Hassan, convinced of Taj's sincerity because of Jaudur's repeated murder attempts, joins him on the quest. Perizidah, acting on Yasmine's behalf (and attracted to Hassan) guides them to a place where they can overhear Jaudur force information from traveling holy man Abu Bakare. They learn of the existence of an all-seeing eye that will help Taj defeat Jaudur.

They steal Jaudur's flying carpet, but when Taj commands, "Take me to where my heart would go," the carpet doesn't leave Yasmine's side. Hassan commands, "Carpet, take us where I would go." The carpet takes them to the temple of the all-seeing eye.

At the temple, the gatekeeper warns that Taj must not allow anything to lure him from the path or he will be turned to stone. Taj sustains insults about his parentage, and resists rescuing a man being devoured by a serpent. He nearly succumbs to a fire trap, but sees a statue of someone who failed before.
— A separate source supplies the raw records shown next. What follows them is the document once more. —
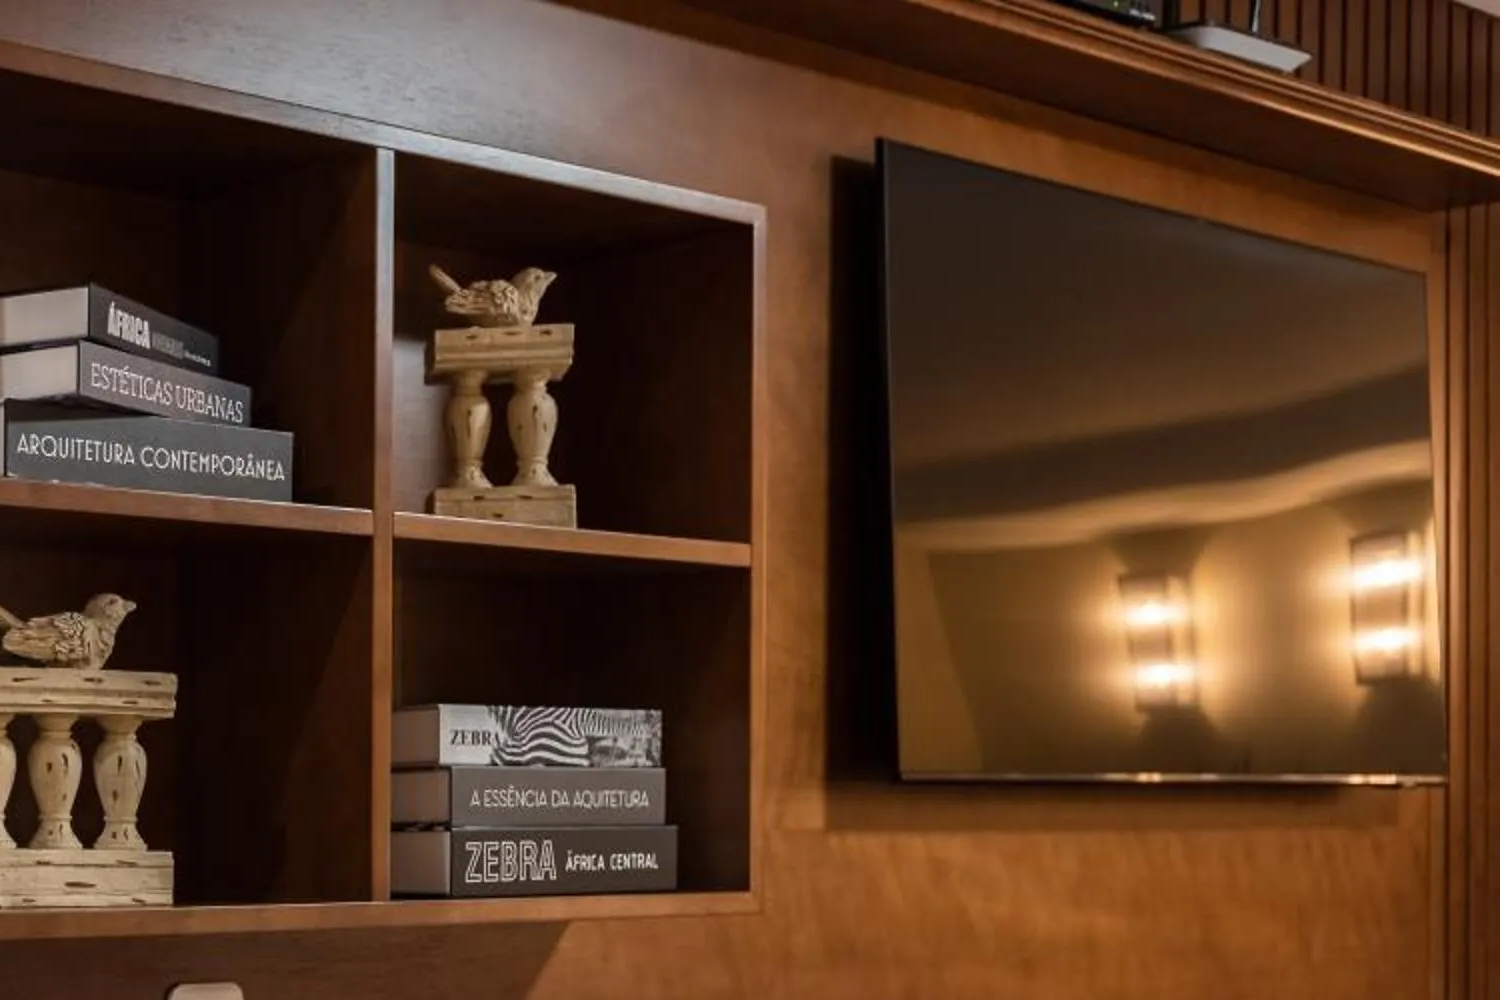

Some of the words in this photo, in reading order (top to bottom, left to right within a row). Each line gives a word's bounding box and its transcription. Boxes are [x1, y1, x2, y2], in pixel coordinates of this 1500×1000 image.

[107, 300, 150, 350] ÁFRICA
[91, 362, 173, 405] ESTÉTICAS
[176, 385, 244, 424] URBANAS
[17, 433, 135, 466] ARQUITETURA
[140, 446, 285, 481] CONTEMPORÂNEA
[469, 789, 481, 807] A
[483, 785, 547, 808] ESSÊNCIA
[551, 789, 570, 808] DA
[573, 789, 649, 809] AQUITETURA
[465, 839, 557, 883] ZEBRA
[565, 850, 605, 872] ÁFRICA
[609, 852, 659, 871] CENTRAL
Within sight of the temple, Taj is lured away by an image of Yasmine and is turned to stone.

Hassan reluctantly follows Taj with the gatekeeper's blessing: "May your knowledge of deception lead you straight as an arrow to the truth." Hassan resists the insulting chants with more humour than Taj, and his fear prevents him from intervening with the serpent illusion. He is nearly turned aside by chests of treasure, but the sight of the statue of Taj refocuses him.

At the temple, he finds the eye is out of reach. The inscription at his feet, "The truth lies within thy reach," causes him to realize that the eye only appears out of reach and is actually in his grasp. Taj is restored. He uses the eye to learn Yasmine's desire. They attempt to return to Baghdad by flying carpet, but are attacked by Jaudur's men on flying horses. The carpet is slashed to pieces. Taj and Hassan fall in different directions.

Jaudur returns with the eye to Baghdad. Other suitors return with other fabulous gifts, but Jaudur exposes the other gifts as fakes. When presented with the eye, Yasmine uses it to locate Taj and learns that he is lost in the desert.

Taj discovers a bottle in the sand. Opening it releases a giant genie who tries to kill him. Taj tricks the genie back into the bottle. The genie offers Taj three wishes if released. Taj asks to be reunited with Hassan, who is resting in an oasis with beautiful harem girls.

Next he asks the genie to take them to the place where the soul of Jaudur lies. It is in an egg in a bird's nest on the side of a mountain. After Taj collects the soul, the genie takes them back to Baghdad. Jaudur has hypnotized Yasmine and the Caliph into agreeing to the wedding, but Taj arrives in time to prevent it.

Cast
 Roddy McDowall as Hassan
 Kabir Bedi as Prince Taj
 Frank Finlay as Abu Bakare
 Marina Vlady as Perizadah
 Pavla Ustinov as Princess Yasmine
 Daniel Emilfork as Genie
 Ian Holm as The Gatekeeper
 Terence Stamp as Wazir Jaudur
 Peter Ustinov as The Caliph
 Marina Sirtis as Harem Girl (uncredited)

Reception
"An enchanting gem. The fantasy's quality of wonderment and simple moral have been preserved to enchant yet another generation of youngsters. You don't have to be a kid to enjoy it." Kevin Thomas, Los Angeles Times.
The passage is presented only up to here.